[Stored data entries]

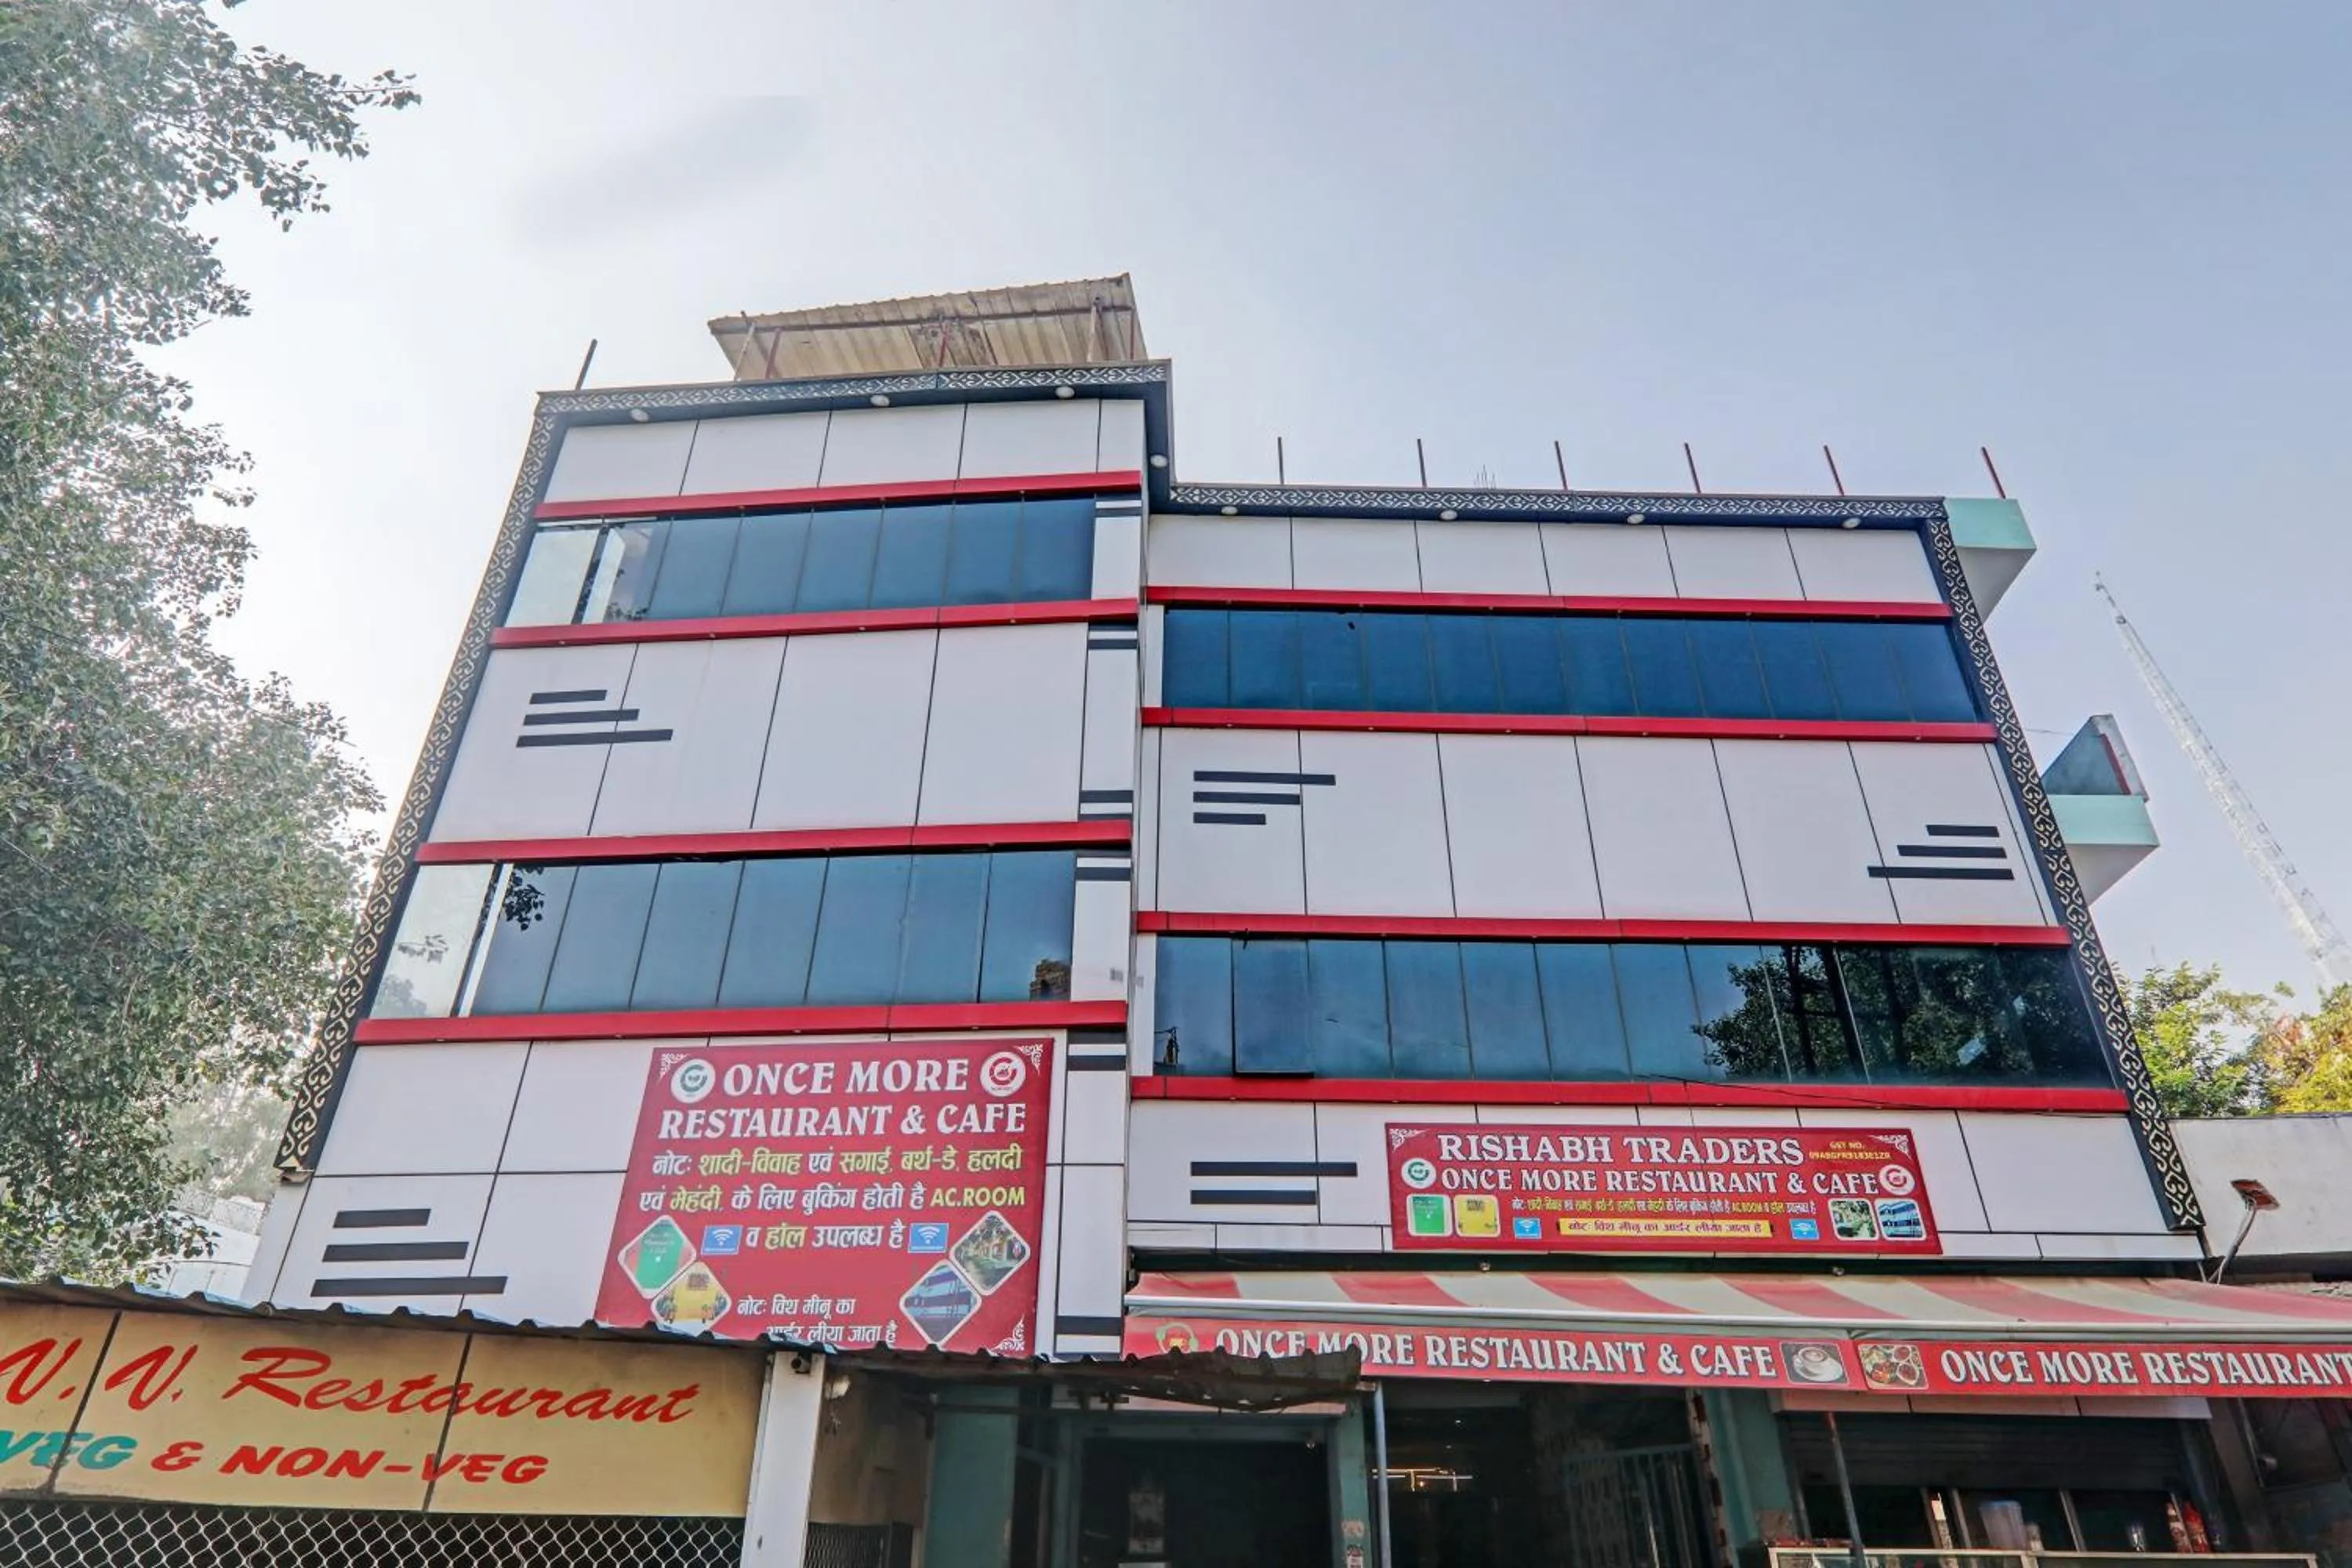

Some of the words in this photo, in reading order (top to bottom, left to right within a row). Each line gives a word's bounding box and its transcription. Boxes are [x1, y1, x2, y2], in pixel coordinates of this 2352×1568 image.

[724, 1062, 835, 1096] ONCE
[845, 1058, 970, 1094] MORE
[658, 1106, 892, 1139] RESTAURANT
[900, 1104, 927, 1134] &
[937, 1103, 1027, 1134] CAFE
[809, 1145, 834, 1174] एवं
[967, 1142, 1023, 1173] हलदी
[1437, 1134, 1614, 1163] RISHABH
[1623, 1137, 1804, 1166] TRADERS
[640, 1185, 666, 1211] एवं
[731, 1185, 754, 1210] के
[758, 1182, 797, 1210] लिए
[802, 1181, 858, 1216] बुकिंग
[862, 1182, 906, 1210] होती
[909, 1180, 927, 1210] है
[930, 1187, 1025, 1207] AC.ROOM
[1442, 1168, 1512, 1190] ONCE
[1520, 1169, 1597, 1191] MORE
[1605, 1170, 1778, 1193] RESTAURANT
[1786, 1172, 1806, 1194] &
[1812, 1172, 1879, 1194] CAFE
[746, 1226, 761, 1247] व
[812, 1225, 885, 1248] उपलब्ध
[888, 1218, 907, 1249] है
[835, 1298, 857, 1315] का
[848, 1325, 882, 1342] जाता
[885, 1319, 898, 1344] है
[1216, 1328, 1305, 1359] ONCE
[1318, 1330, 1414, 1365] MORE
[1424, 1335, 1646, 1374] RESTAURANT
[1657, 1342, 1685, 1375] &
[1690, 1344, 1778, 1377] CAFE
[1940, 1348, 2034, 1383] ONCE
[2035, 1350, 2139, 1384] MORE
[2139, 1352, 2352, 1385] RESTAURANT
[222, 1347, 701, 1424] Restaurant
[0, 1429, 139, 1470] VEG
[151, 1441, 205, 1472] &
[218, 1445, 550, 1484] NON-VEG

> **Task statement**:
Output each record exactly as it appears, but not the pictures.

> **Exercise solution**:
Some of the words in this photo, in reading order (top to bottom, left to right within a row). Each line gives a word's bounding box and its transcription. Boxes are [x1, y1, x2, y2], in pixel coordinates of this 2352×1568 image.

[724, 1062, 835, 1096] ONCE
[845, 1058, 970, 1094] MORE
[658, 1106, 892, 1139] RESTAURANT
[900, 1104, 927, 1134] &
[937, 1103, 1027, 1134] CAFE
[809, 1145, 834, 1174] एवं
[967, 1142, 1023, 1173] हलदी
[1437, 1134, 1614, 1163] RISHABH
[1623, 1137, 1804, 1166] TRADERS
[640, 1185, 666, 1211] एवं
[731, 1185, 754, 1210] के
[758, 1182, 797, 1210] लिए
[802, 1181, 858, 1216] बुकिंग
[862, 1182, 906, 1210] होती
[909, 1180, 927, 1210] है
[930, 1187, 1025, 1207] AC.ROOM
[1442, 1168, 1512, 1190] ONCE
[1520, 1169, 1597, 1191] MORE
[1605, 1170, 1778, 1193] RESTAURANT
[1786, 1172, 1806, 1194] &
[1812, 1172, 1879, 1194] CAFE
[746, 1226, 761, 1247] व
[812, 1225, 885, 1248] उपलब्ध
[888, 1218, 907, 1249] है
[835, 1298, 857, 1315] का
[848, 1325, 882, 1342] जाता
[885, 1319, 898, 1344] है
[1216, 1328, 1305, 1359] ONCE
[1318, 1330, 1414, 1365] MORE
[1424, 1335, 1646, 1374] RESTAURANT
[1657, 1342, 1685, 1375] &
[1690, 1344, 1778, 1377] CAFE
[1940, 1348, 2034, 1383] ONCE
[2035, 1350, 2139, 1384] MORE
[2139, 1352, 2352, 1385] RESTAURANT
[222, 1347, 701, 1424] Restaurant
[0, 1429, 139, 1470] VEG
[151, 1441, 205, 1472] &
[218, 1445, 550, 1484] NON-VEG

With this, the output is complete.